Register for the workshop HERE
Registration deadline: May 10th 2021
First MAYS Methods Workshop
We are announcing a call for participants for our first workshop in the MAYS Method Workshops Series – a workshop on ethnographic writing, that will take place on the 26th of May 2021. The Workshops Series aims to provide spaces for learning, discussion, structured debate, knowledge-sharing and mutual support leading up to our next 12th Annual MAYS Annual Meeting in Warsaw in August.
Michal Frumer, PhD student, Research Unit for General Practice & Aarhus University,
Sara M.H. Offersen, postdoctoral researcher, Research Unit for General Practice
MAYS Writing workshop: Building theory into ethnography // May 26th, 10 am to 1 pm CET
”In short, the question for me comes down to whether the ethnography is meant to illustrate a theoretical argument or whether theory might be built into the ethnography itself.” (Das 2015, 15).
Taking this cue from Veena Das, in this writing workshop we approach ethnographic writing as a craft to be cultivated, and as a form of writing that allows for rich storytelling that does not leave the ethnography behind in pursuit of theoretical abstractions. In this workshop, we propose to collaboratively explore how we tell specific stories to make theoretical arguments and think through the effects and politics of representational choices. Following recent takes on the topic (Stewart 2007, Hyde and Denyer Willis 2020, Das 2020), we suggest that the ethnographic grounding of anthropological writing can be enriched by slowing down the pace of our storytelling – that is slowing down our movements between ethnographic detail, general conditions, and theoretical abstractions – as we attune to the muddy and quotidian everyday lives of our interlocutors.
We invite participants that wish to enhance their writing sensibilities and participate in this workshop as a forum to engage, inspire, discuss, provoke, further one’s work, and encourage through a focus on “bringing life to ideas” (Strathern, cited in Narayan 2012, 15).
Das, Veena. 2015. Affliction Health, Disease, Poverty. New York: Fordham University Press.

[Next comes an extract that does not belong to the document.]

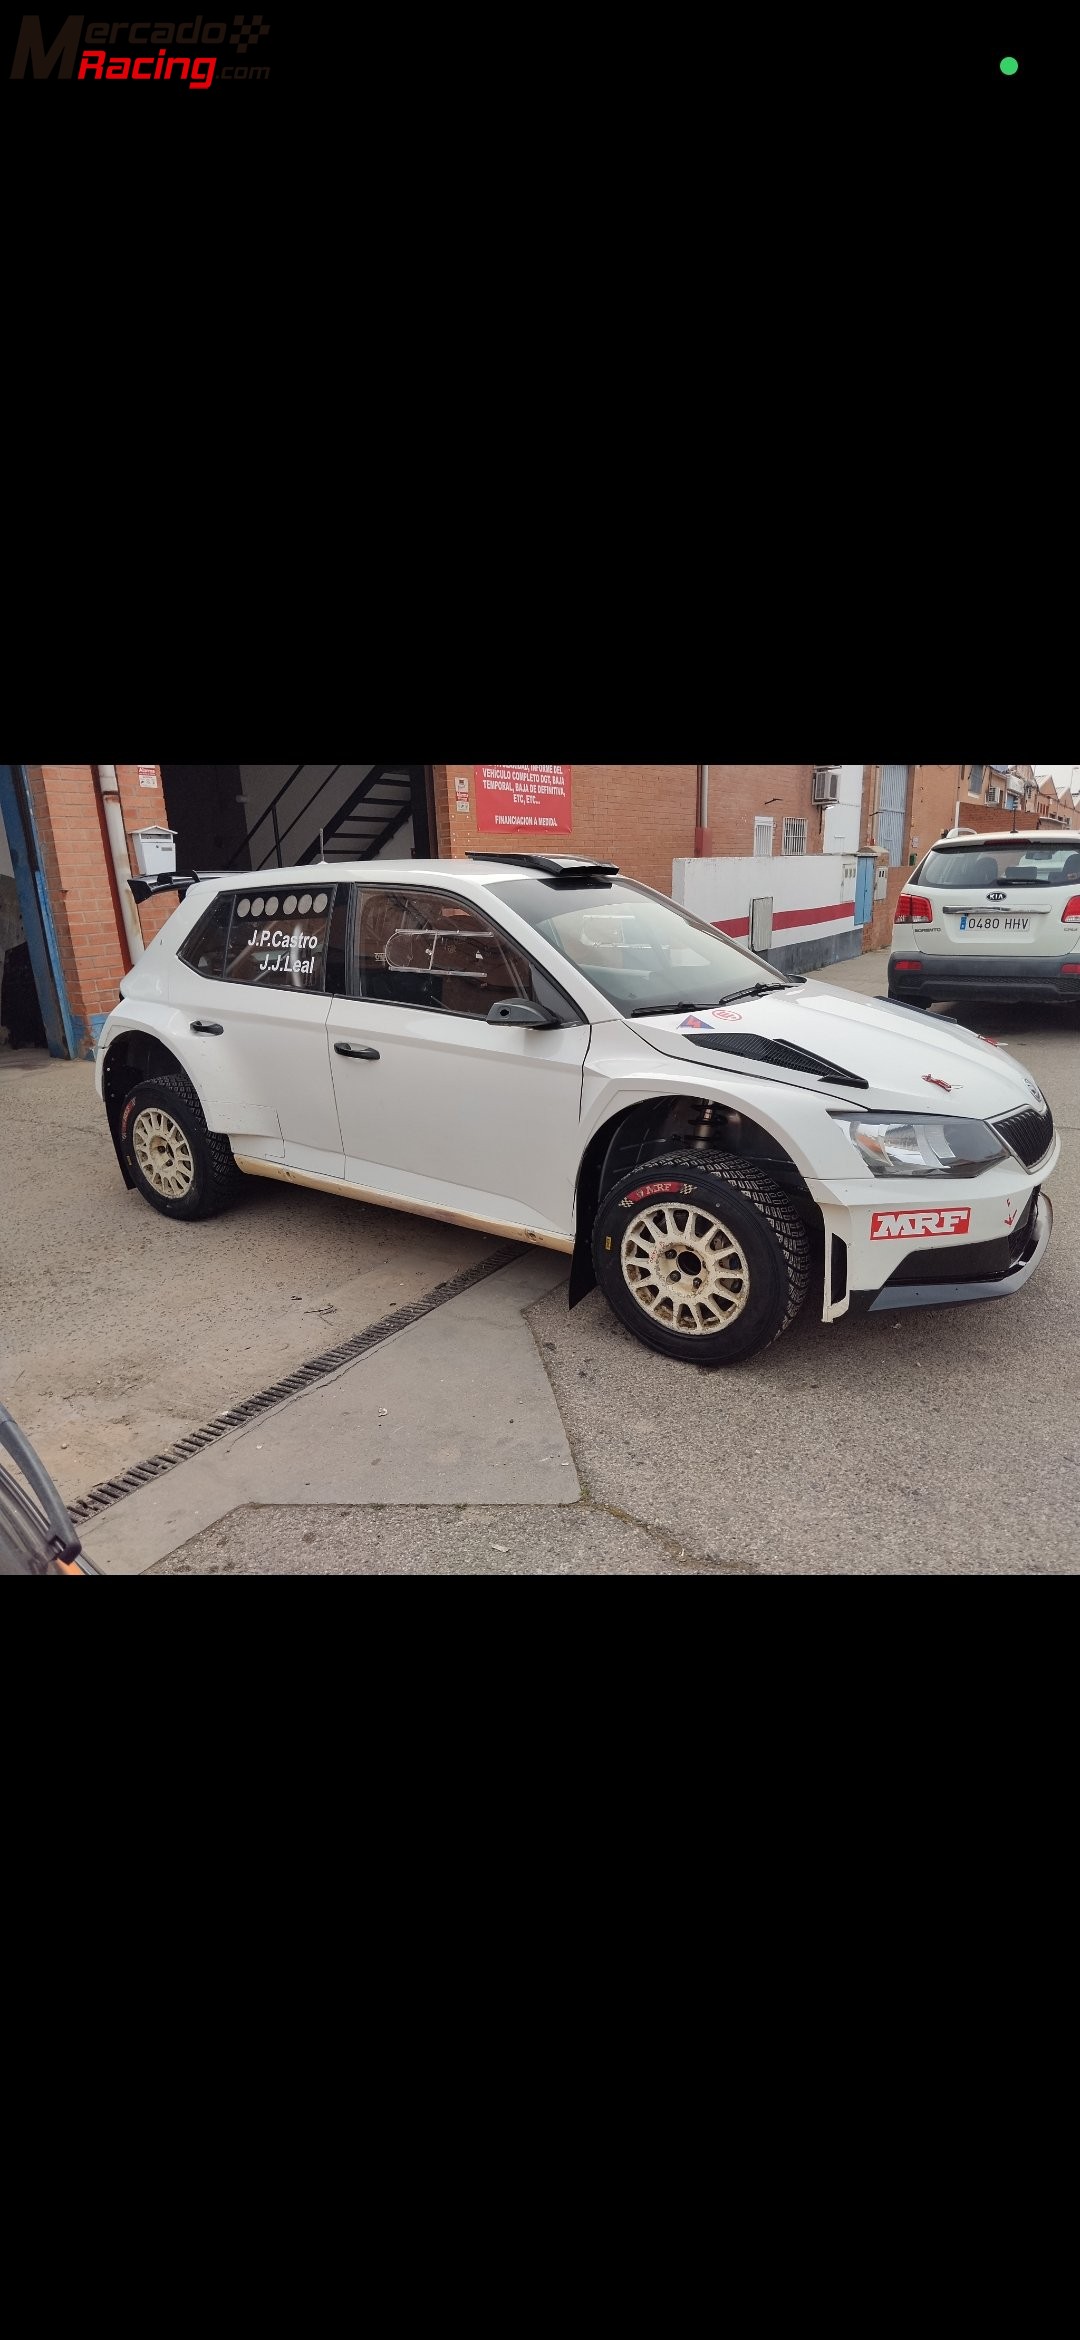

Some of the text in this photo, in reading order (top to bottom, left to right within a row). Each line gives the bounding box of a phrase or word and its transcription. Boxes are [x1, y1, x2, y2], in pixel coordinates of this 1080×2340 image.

Das, Veena. 2020. Textures of the Ordinary: Doing Anthropology after Wittgenstein. New York: Fordham University Press.
Hyde, Sandra Teresa, and Laurie Denyer Willis. 2020. “Balancing the Quotidian: Precarity, Care and Pace in Anthropology’s Storytelling.” Medical Anthropology 39 (4):297-304. doi: 10.1080/01459740.2020.1739673.
Narayan, Kirin. 2012. Alive in the Writing: Crafting Ethnography in the Company of Chekhov: University Of Chicago Press.
Stewart, Kathleen. 2007. Ordinary affects. Durham, NC: Duke University Press.
Guidelines and Format
The workshop will take place on Zoom on the May 26th, 10am to 1 pm CET. The maximum number of participants is 12, with enrolment on a first-come-first-served basis. Registration deadline is May 10th, go to registration link HERE (there is no confirmation of registration e-mail). The workshop participation is free of charge.
The workshop will take place on the 26th of May, 10 am to 1 pm CET. To ground our discussion of ethnographic writing, participants are required to write a preliminary assignment (2 pages + ½-page project background) on their own research to circulate beforehand. During the workshop, participants will be divided into 2 or 3 groups beforehand, depending on the number of submissions. Workshop convenors will be moderating group discussions within breakout rooms. Each assignment will also be allocated a discussant, however, all participants are expected to read all assignments in their group in order to be able to take part in joint discussions. This gives around 25 min for each for discussion and reflection upon feedback.
In the workshop we focus on “how to write”, but, looking forward, we hope to encourage setting up an international, virtual writing community focusing on “how to get writing done”.
Preliminary assignment for registered workshop participants
Choose any scene that dramatizes a theoretical issue or the tensions and puzzles central to your interests. This might be a situation, a person, a confrontation, a turning point, a formal event, an intensely elucidating interview, etc. Take us to the scene with vivid details – the people, the place, the pace of interaction, your presence. Use all your senses. Quote when you can. Don’t tell us what the theoretical issue is; for now, just give us a glimpse of social life in motion.
The version that you share with the workshop should fit into two pages (roughly 500-600 words), double spaced and in a 12-pt. font, with your name in a header. If you have extra words, you might be tempted to shrink fonts, juggle margins, etc. Please don’t. Revise and refine, evaluating the need and precision of each word until the piece fits exactly two pages. You might want to open a separate file where you store trimmed words for future inspiration.
Please submit the 2-page writing exercise with the ½-page project background to Michal Frumer (firstname.lastname@example.org) by May 17 at 1 pm (central European time) so that all assignments can be circulated before we meet.
This collection of short pieces will help us all gain a sense of each other’s interests in advance. As you read each other’s work, take notes: What theme, in your opinion, is being illustrated here? What aspects of the writing are most compelling? How does the different representational choices affect your reading of the case?